START DATA RECORDS
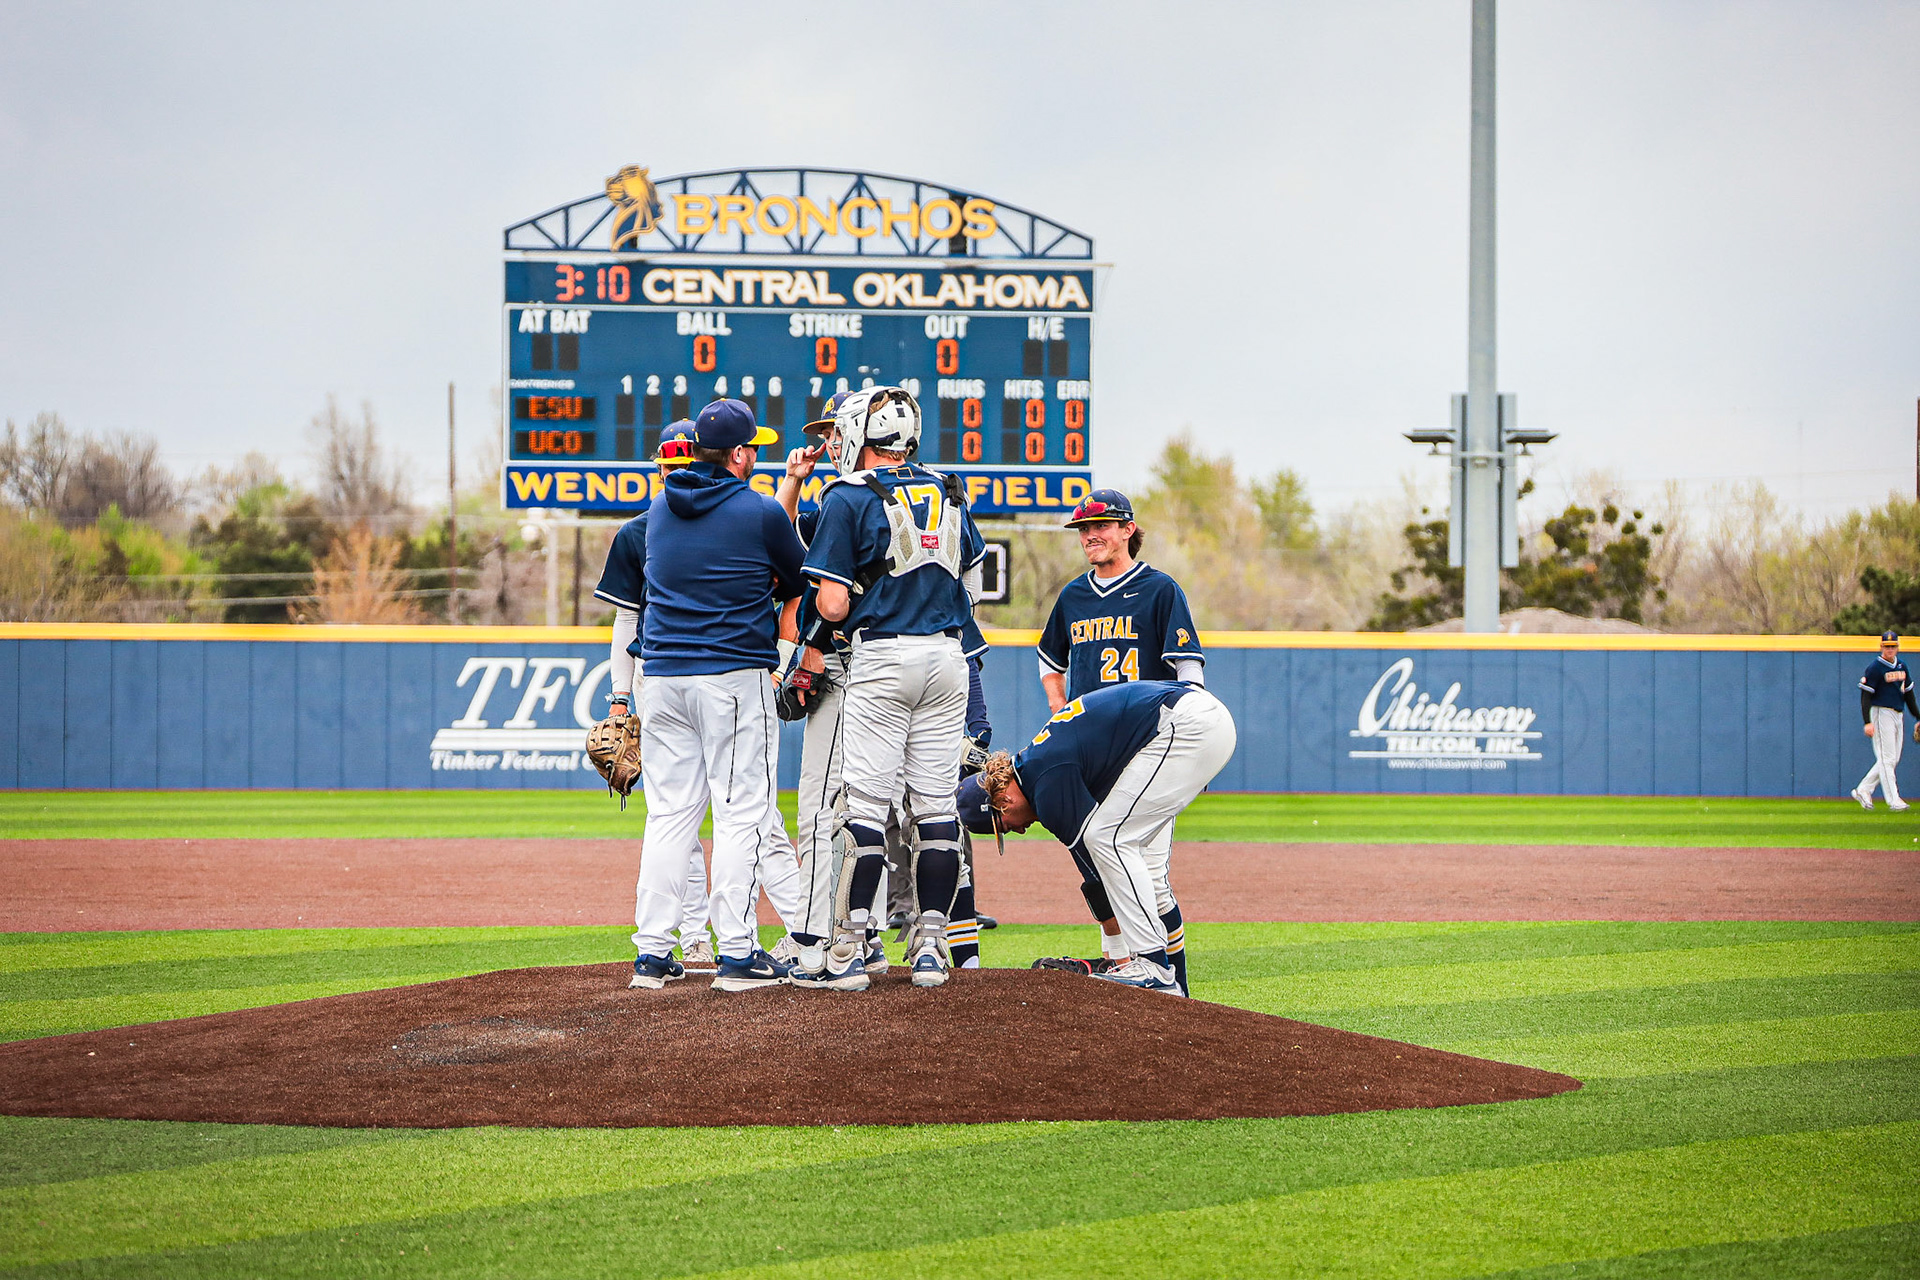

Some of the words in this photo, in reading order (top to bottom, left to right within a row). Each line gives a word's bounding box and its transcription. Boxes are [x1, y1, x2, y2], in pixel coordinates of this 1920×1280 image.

[672, 194, 998, 239] BRONCHOS
[555, 265, 631, 302] 3:10
[642, 268, 847, 305] CENTRAL
[853, 272, 1090, 308] OKLAHOMA
[518, 309, 546, 333] AT
[550, 309, 592, 333] BAT
[676, 311, 732, 336] BALL
[789, 313, 863, 338] STRIKE
[924, 315, 970, 339] OUT
[1027, 316, 1065, 341] H/E
[693, 335, 716, 372] 0
[815, 337, 838, 373] 0
[936, 339, 959, 374] 0
[621, 375, 632, 395] 1
[646, 375, 661, 396] 2
[673, 375, 688, 396] 3
[714, 375, 728, 396] 4
[741, 376, 756, 397] 5
[768, 376, 783, 397] 6
[809, 377, 823, 398] 7
[899, 379, 921, 398] 10
[937, 378, 986, 400] RUNS
[1004, 379, 1044, 400] HITS
[528, 396, 583, 420] ESU
[962, 398, 982, 428] 0
[1025, 399, 1045, 429] 0
[1064, 400, 1084, 429] 0
[528, 430, 583, 455] UCO
[962, 431, 982, 462] 0
[1025, 432, 1045, 462] 0
[1064, 432, 1084, 463] 0
[965, 476, 1091, 506] FIELD
[892, 484, 942, 532] 17
[1070, 616, 1139, 645] CENTRAL
[1100, 647, 1140, 683] 24
[1358, 657, 1537, 737] Chickasaw
[1486, 737, 1529, 754] INC.
[429, 751, 499, 771] Tinker
[501, 751, 580, 771] Federal
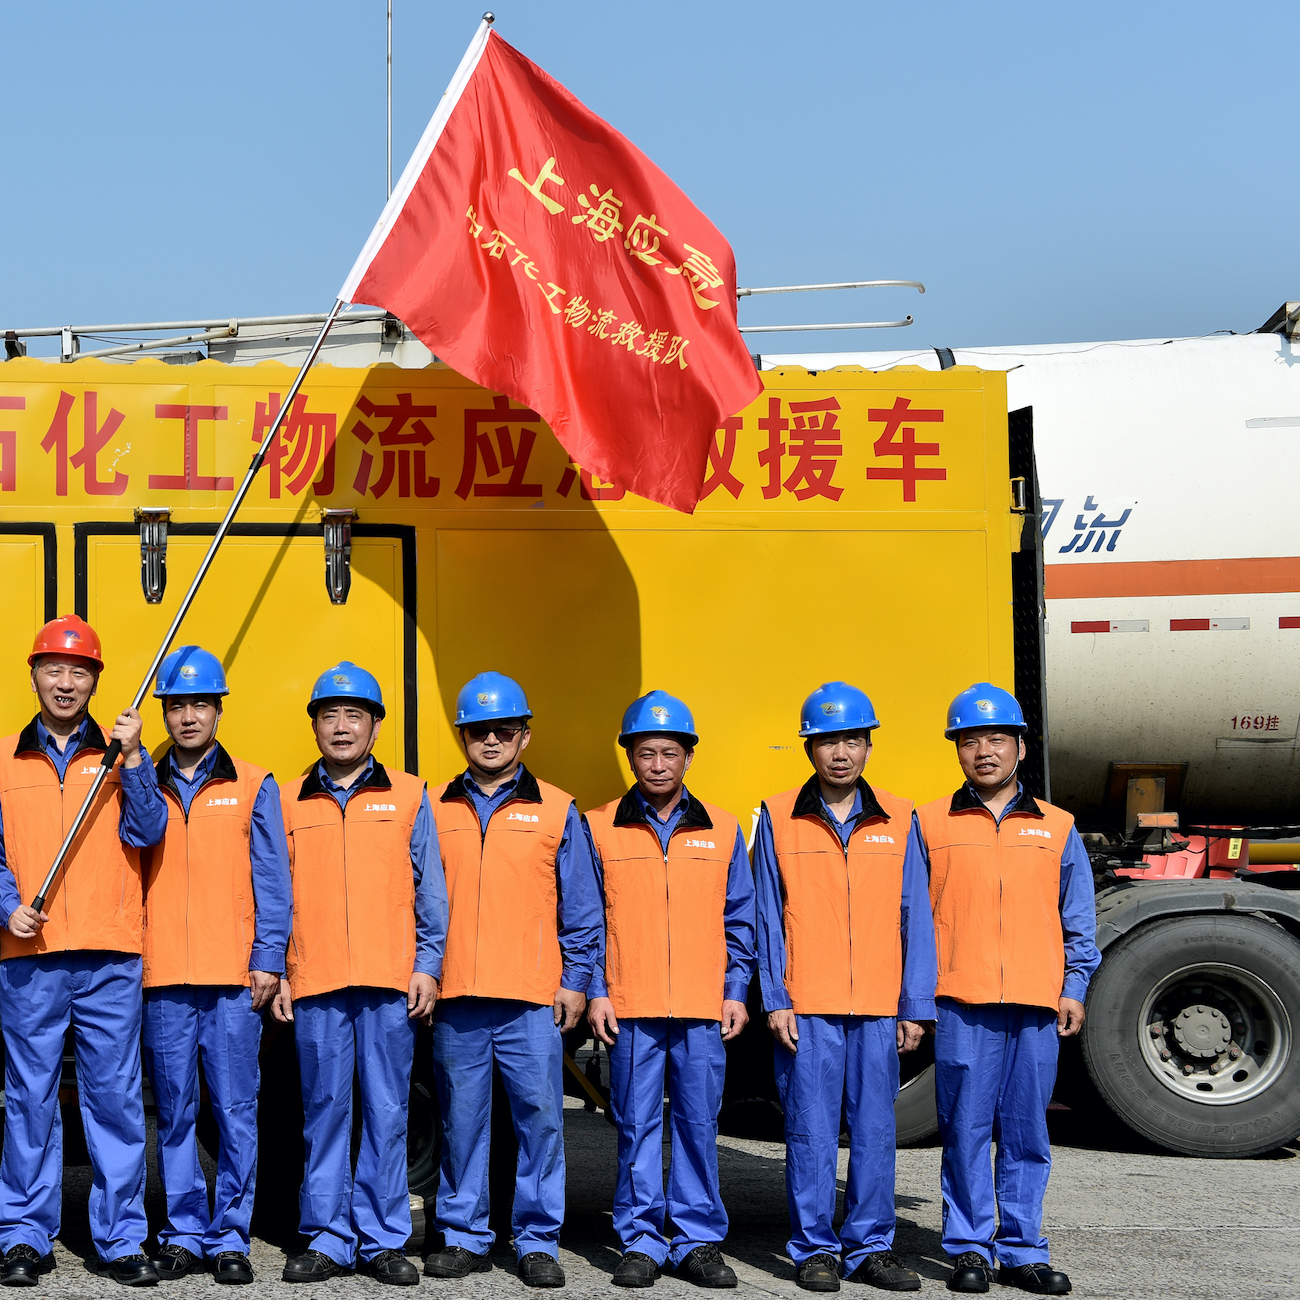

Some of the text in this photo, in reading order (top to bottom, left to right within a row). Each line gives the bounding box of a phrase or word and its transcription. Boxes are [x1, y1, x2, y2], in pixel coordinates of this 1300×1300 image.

[508, 156, 725, 311] 上海应急
[1231, 715, 1280, 731] 169挂
[206, 797, 239, 807] 上海应急
[363, 803, 397, 812] 上海应急
[506, 812, 540, 823] 上海应急
[1018, 828, 1052, 839] 上海应急
[684, 838, 716, 850] 上海应急
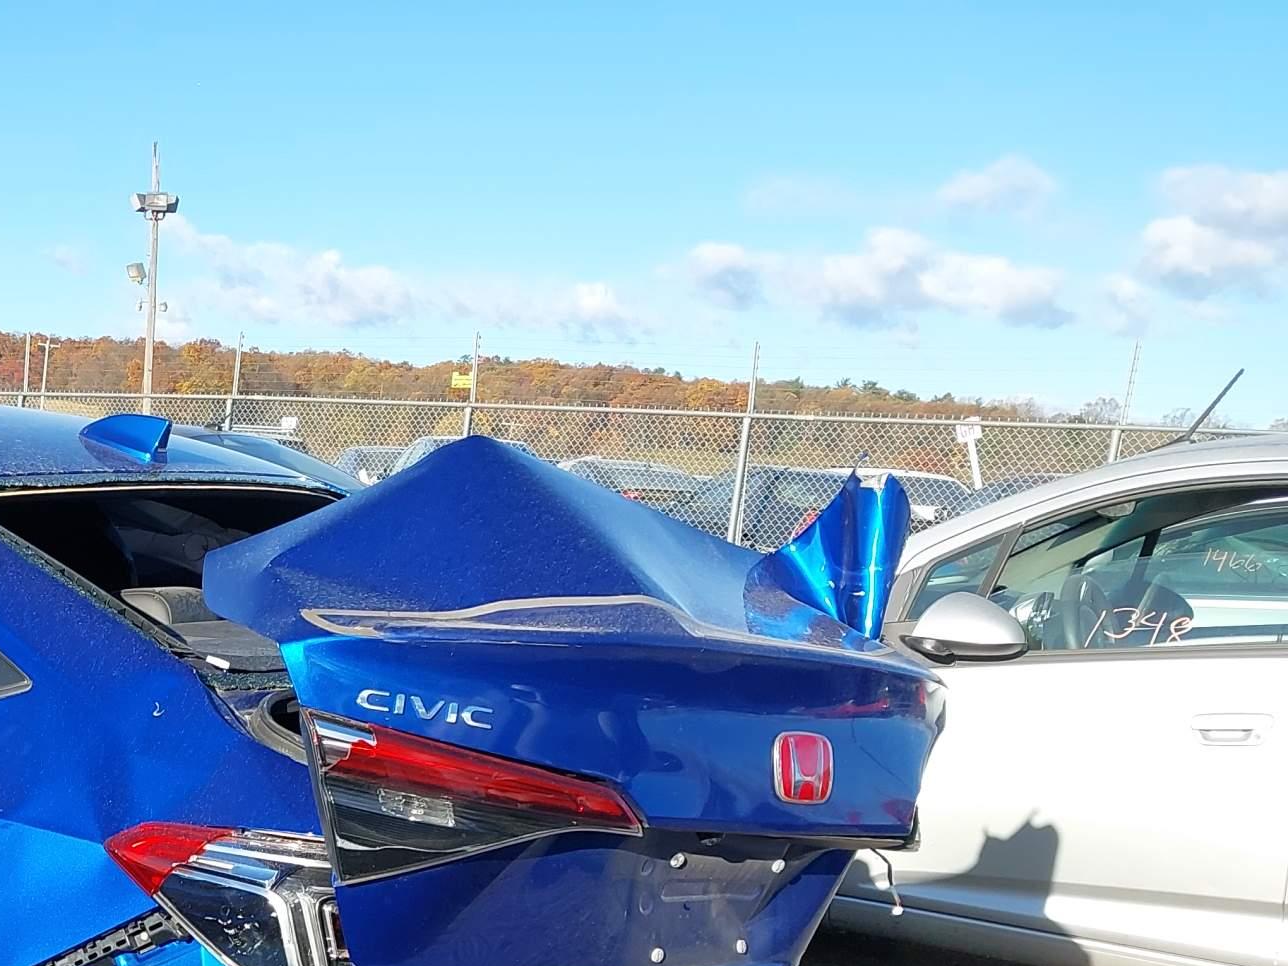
END DATA RECORDS
PROMPT: Your output should be the records above, duplicated exactly and picture-free.

FINISHED TASK:
Some of the words in this photo, in reading order (top to bottom, left to right within a row). Each line gives a word's bounding box and its transcription. Boxes are [x1, y1, x2, y2], in pixel coordinates of this 1920×1280 image.

[672, 194, 998, 239] BRONCHOS
[555, 265, 631, 302] 3:10
[642, 268, 847, 305] CENTRAL
[853, 272, 1090, 308] OKLAHOMA
[518, 309, 546, 333] AT
[550, 309, 592, 333] BAT
[676, 311, 732, 336] BALL
[789, 313, 863, 338] STRIKE
[924, 315, 970, 339] OUT
[1027, 316, 1065, 341] H/E
[693, 335, 716, 372] 0
[815, 337, 838, 373] 0
[936, 339, 959, 374] 0
[621, 375, 632, 395] 1
[646, 375, 661, 396] 2
[673, 375, 688, 396] 3
[714, 375, 728, 396] 4
[741, 376, 756, 397] 5
[768, 376, 783, 397] 6
[809, 377, 823, 398] 7
[899, 379, 921, 398] 10
[937, 378, 986, 400] RUNS
[1004, 379, 1044, 400] HITS
[528, 396, 583, 420] ESU
[962, 398, 982, 428] 0
[1025, 399, 1045, 429] 0
[1064, 400, 1084, 429] 0
[528, 430, 583, 455] UCO
[962, 431, 982, 462] 0
[1025, 432, 1045, 462] 0
[1064, 432, 1084, 463] 0
[965, 476, 1091, 506] FIELD
[892, 484, 942, 532] 17
[1070, 616, 1139, 645] CENTRAL
[1100, 647, 1140, 683] 24
[1358, 657, 1537, 737] Chickasaw
[1486, 737, 1529, 754] INC.
[429, 751, 499, 771] Tinker
[501, 751, 580, 771] Federal

Some of the text in this photo, in reading order (top to bottom, left to right within a row). Each line gives the bounding box of a phrase or word and its transcription. Boxes are [x1, y1, x2, y2], in pixel coordinates of this 1300×1300 image.

[508, 156, 725, 311] 上海应急
[1231, 715, 1280, 731] 169挂
[206, 797, 239, 807] 上海应急
[363, 803, 397, 812] 上海应急
[506, 812, 540, 823] 上海应急
[1018, 828, 1052, 839] 上海应急
[684, 838, 716, 850] 上海应急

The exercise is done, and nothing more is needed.